Quando se tratava de arte, eu podia colocar centenas de perguntas e todas elas – como diziam os cientistas, que eu bem ouvi – muito profundas e com conhecimento humano, algo sobre o que eles se maravilhavam muito.
Eu fui examinado mais vezes, receitaram diferentes exercícios orgânicos, mas não deixei de amar a arte.
O meu sentimento de arte até se desenvolvia a cada dia mais, mas eu escondia e sentia, por mais jovem que eu fosse, que este sentimento não tinha nada a ver com o meu corpo.
Eu não conseguia entender as suas análises e sei com grande certeza que também os cientistas não me entendiam, assim como os meus pais, da maneira que, neste sentido, para eles continuei a ser um enigma.
Aceitavam porque pensavam que eu era fraco e com o tempo o atribuíram a esgotamento.
A vida excitada era cansativa demais para mim; devagar, mas seguramente, assim diziam os cientistas, estes sentimentos ficavam em segundo plano.
Deveriam me tolerar um pouco, o que os meus pais acabaram por fazer porque não tinham outra alternativa.

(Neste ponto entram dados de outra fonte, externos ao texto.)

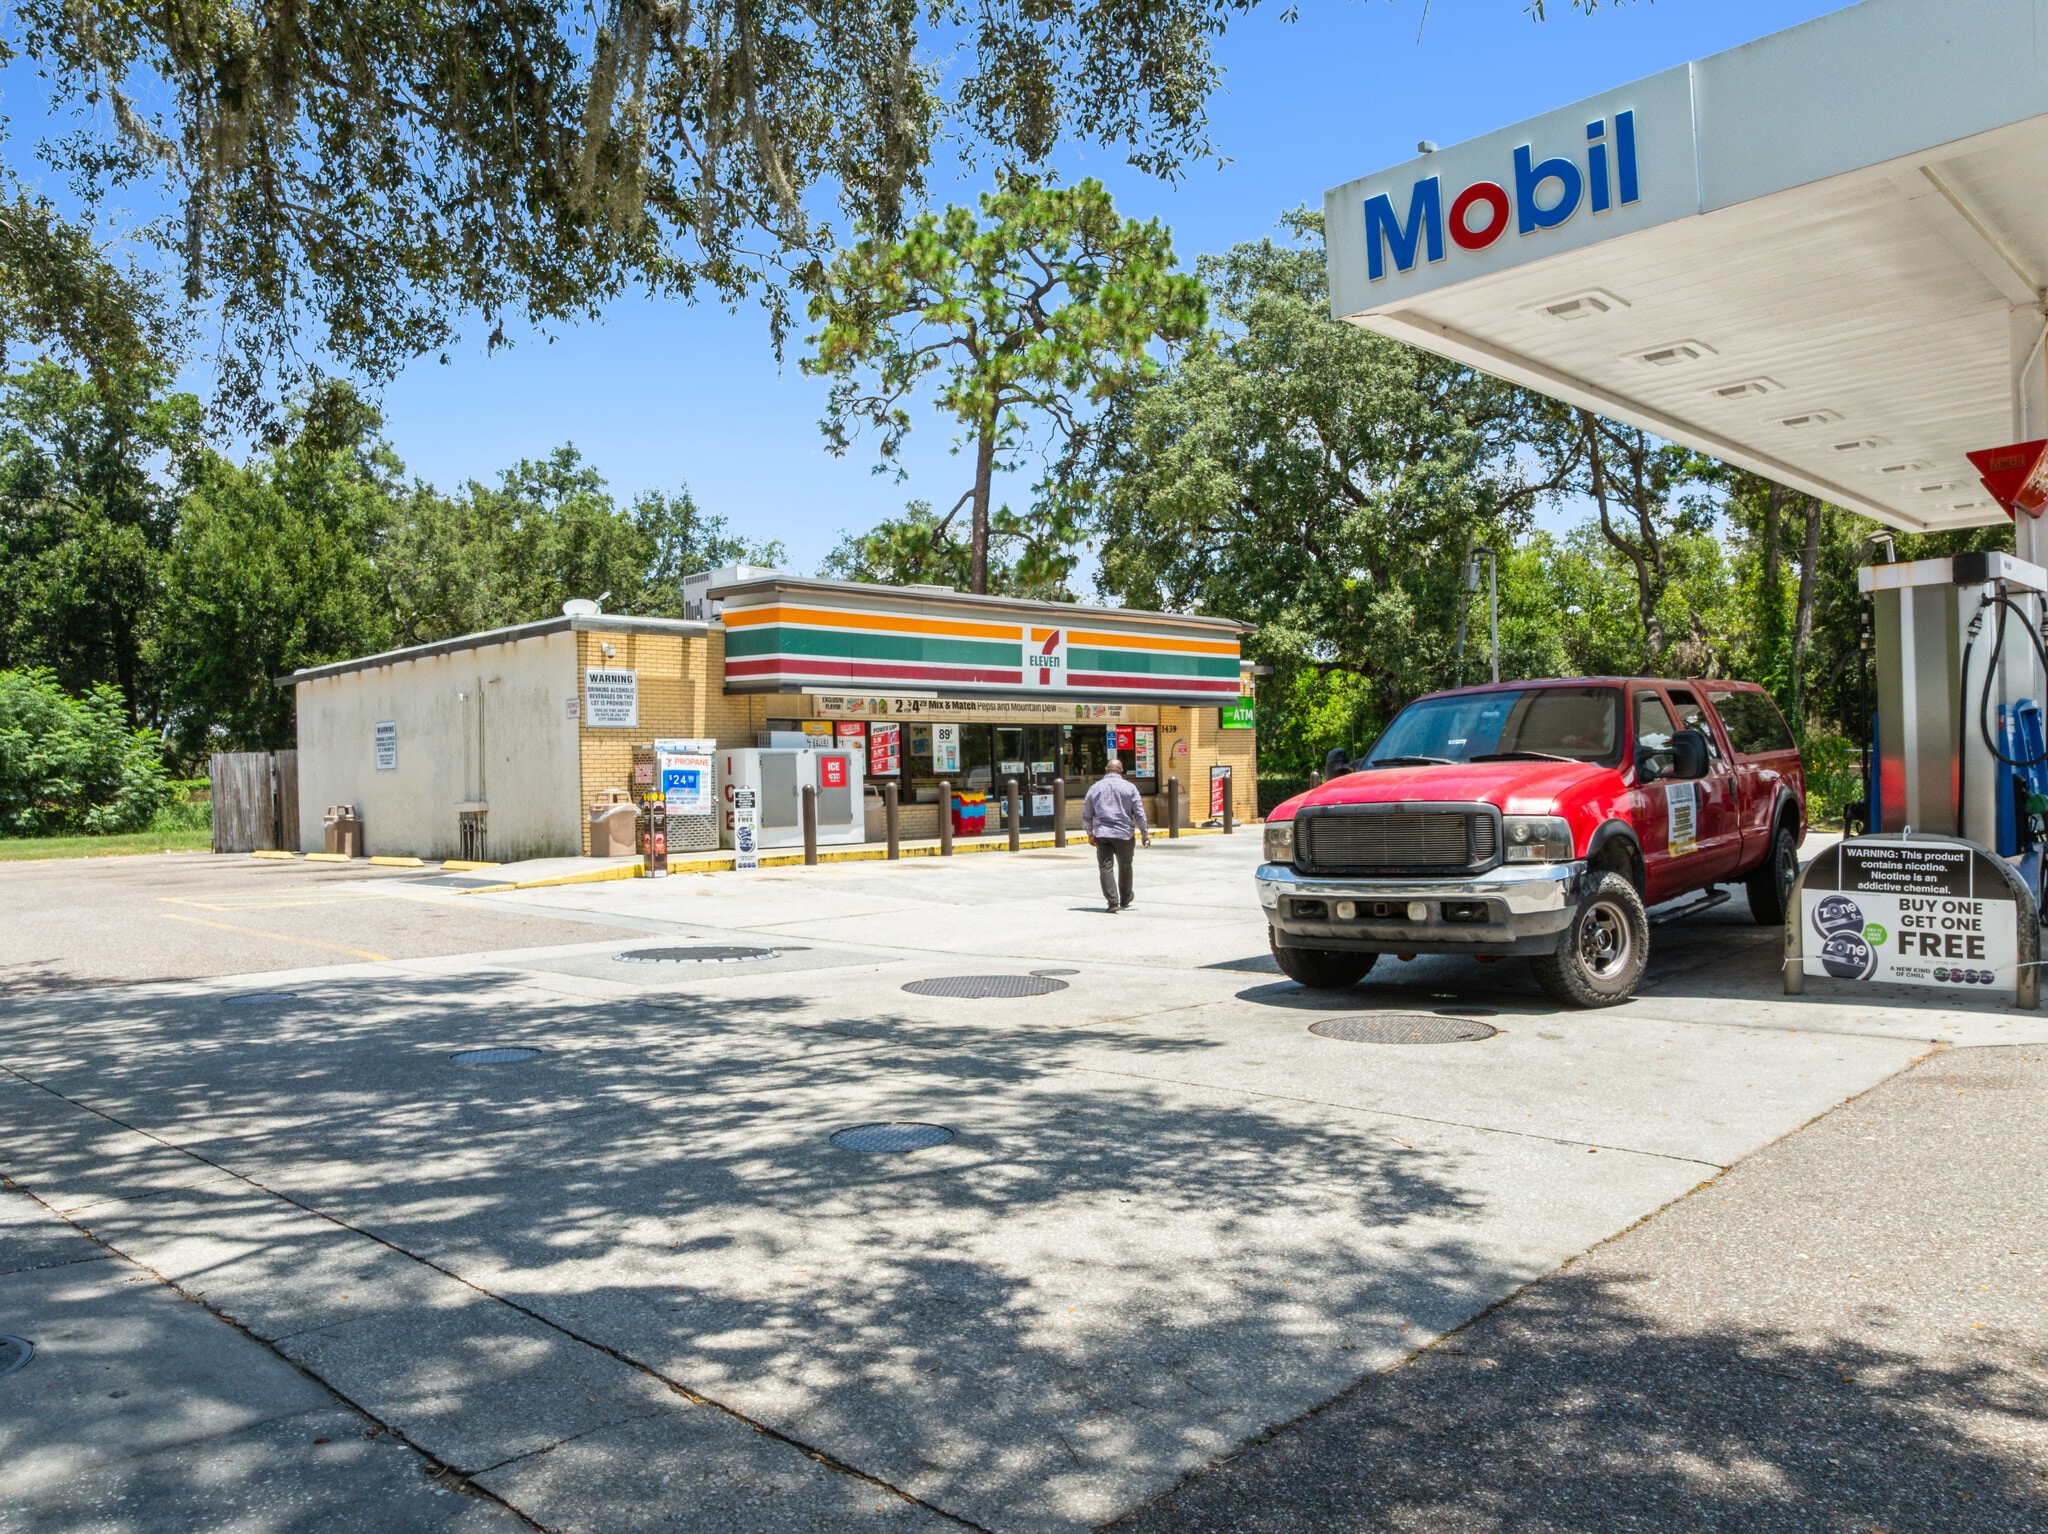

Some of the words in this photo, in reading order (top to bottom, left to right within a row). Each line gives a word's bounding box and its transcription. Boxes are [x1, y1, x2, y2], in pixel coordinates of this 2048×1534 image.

[1364, 109, 1640, 283] Mobil
[589, 674, 633, 683] WARNING
[896, 700, 904, 713] 2
[929, 701, 943, 710] Mix
[945, 701, 951, 710] &
[952, 702, 977, 711] Match
[978, 702, 996, 712] Pepsi
[997, 703, 1010, 711] and
[1011, 703, 1041, 711] Mountain
[1042, 704, 1057, 712] Dew
[1233, 709, 1254, 721] ATM
[873, 725, 889, 734] POWER
[1161, 725, 1177, 734] 1439
[675, 758, 710, 766] PROPANE
[828, 762, 840, 772] ICE
[1847, 848, 1899, 859] WARNING:
[1901, 850, 1922, 860] This
[1924, 852, 1964, 862] product
[1861, 860, 1903, 870] contains
[1905, 862, 1948, 873] nicotine.
[1871, 871, 1911, 881] Nicotine
[1913, 873, 1922, 881] is
[1924, 874, 1937, 883] an
[1857, 881, 1901, 891] addictive
[1904, 883, 1951, 895] chemical.
[1899, 898, 1938, 913] BUY
[1942, 901, 1983, 915] ONE
[1901, 914, 1937, 929] GET
[1941, 917, 1982, 931] ONE
[1898, 930, 1986, 960] FREE
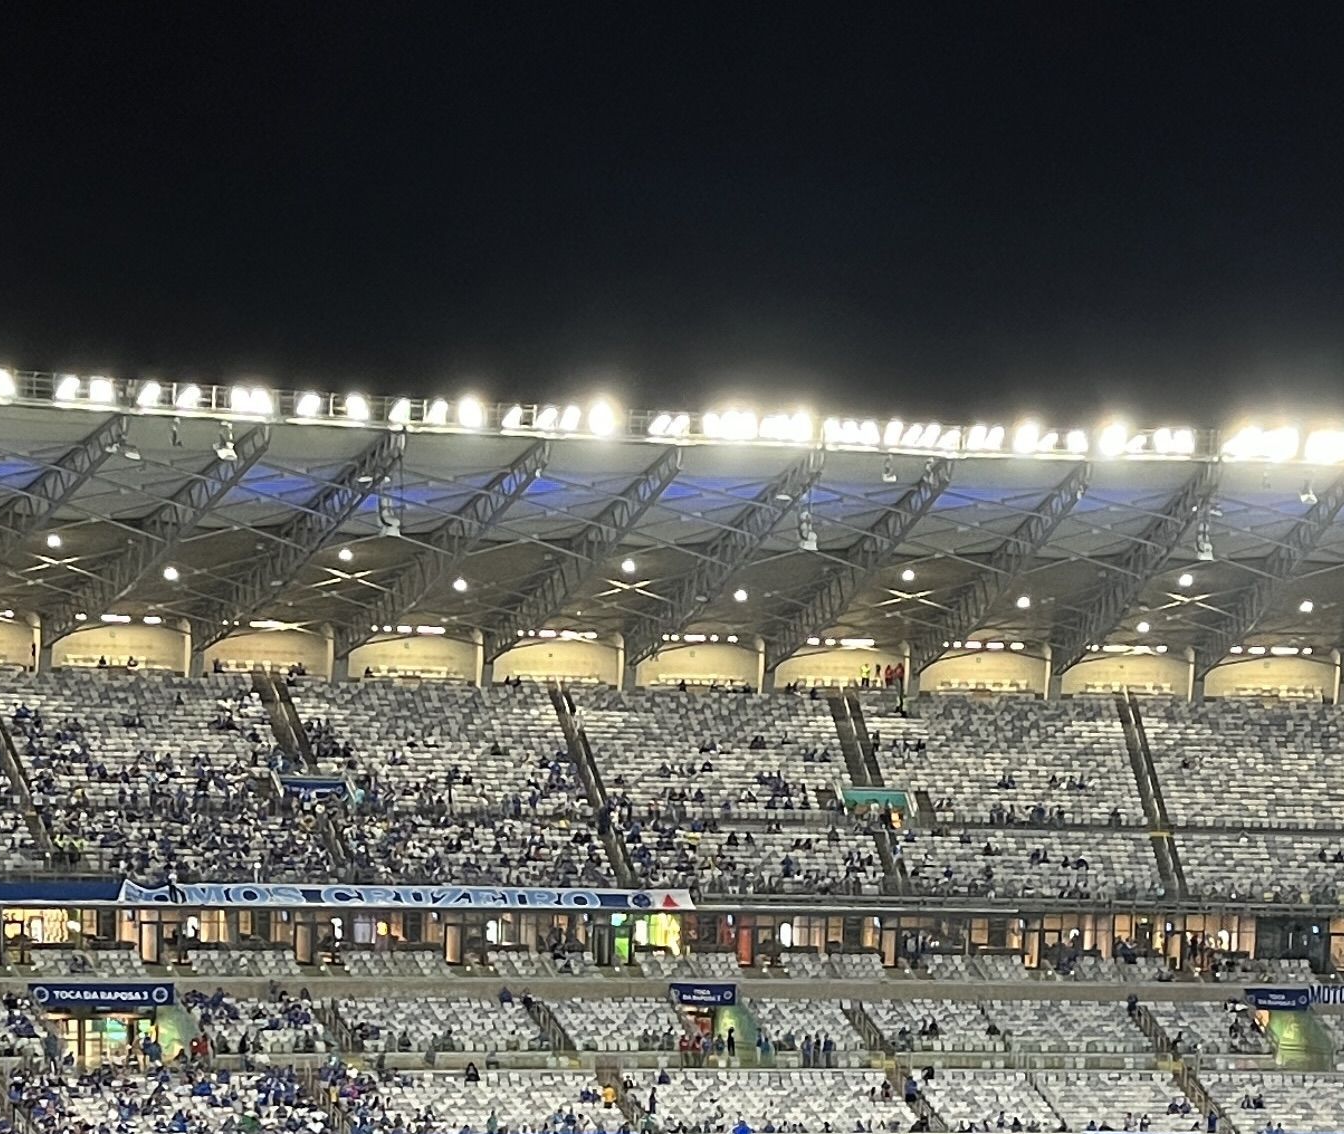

Por isso me deixavam à vontade e permanecia sempre na natureza.
Agora eu gozava de mais liberdade nos meus afazeres e era justamente isso que eu almejava.
Eu teria uma folga de alguns meses, não precisava estudar, porque a minha governante me ensinaria em parte.
Para todos eles agora eu era uma criança fraca e que isso amedrontava os meus pais, se entende.
Entrou algo nos seus conceitos ultrapassados que fazia vacilar a confiança e a fé nesta felicidade terrena.
A sua estirpe sempre foi abençoada com uma saúde forte.
Por isso a vida terrena para eles era considerada como um paraíso.
Mas eu, o seu único herdeiro, era fraco, disso já não havia dúvidas.
Embora eu fosse uma criança normal.
Mas de onde vinham estes sentimentos artísticos?
Escutei eles quando falaram estas palavras.
Eu não pensava na razão de esconder o meu verdadeiro caráter.
Não tinha a menor noção que eu agia errado, mas eu já disse, que eu repugnava as festas e todas aquelas crianças ricas.
Cada dia a minha mãe me vinha visitar na floresta.
Ela perguntava como me sentia e eu respondia arbitrariamente.
Se me sentia feliz eu a acalmava, porém, às vezes era como se uma outra força me forçava a amedrontá-la, pelo que estragava a sua vida; num caso assim ela ouvia um “sim” balbuciante.
Como isso ela concluía que eu ainda não era como ela desejava.
Eu não fazia idéia quem ou o quê me incitava a isso, mas eu surgia claramente dentro de mim.
Era mais rápido que os meus pensamentos, já tinha falado antes que eu me dava conta.
Então começava a pensar sobre isso e geralmente sentia pena ter dado a ela uma resposta desta maneira.
Porém, me vinha muito repentinamente e irresistivelmente.
Mas não pensava muito tempo sobre isso; eu era jovem demais, mas entendia que para mim significava a liberdade.
Com este sentimento vinham outros que antes não tinha tido conhecimento.
Eu estava continuamente entretido a fazer figuras de argila.
Na floresta eu procurava pela terra apropriada e a sovava até ficar consistente.
A minha governanta se estranhava com isso e me proibia porque me sujava muito.
Mesmo assim não deixava de o fazer; ela repetia a proibição , porém me mantive incorrigível.
Este sentimento crescia após cada estatueta que as minhas mãos faziam, elas tomavam formas e vida.
As estatuetas apareciam por si mesmas ; com isso eu não precisava pensar.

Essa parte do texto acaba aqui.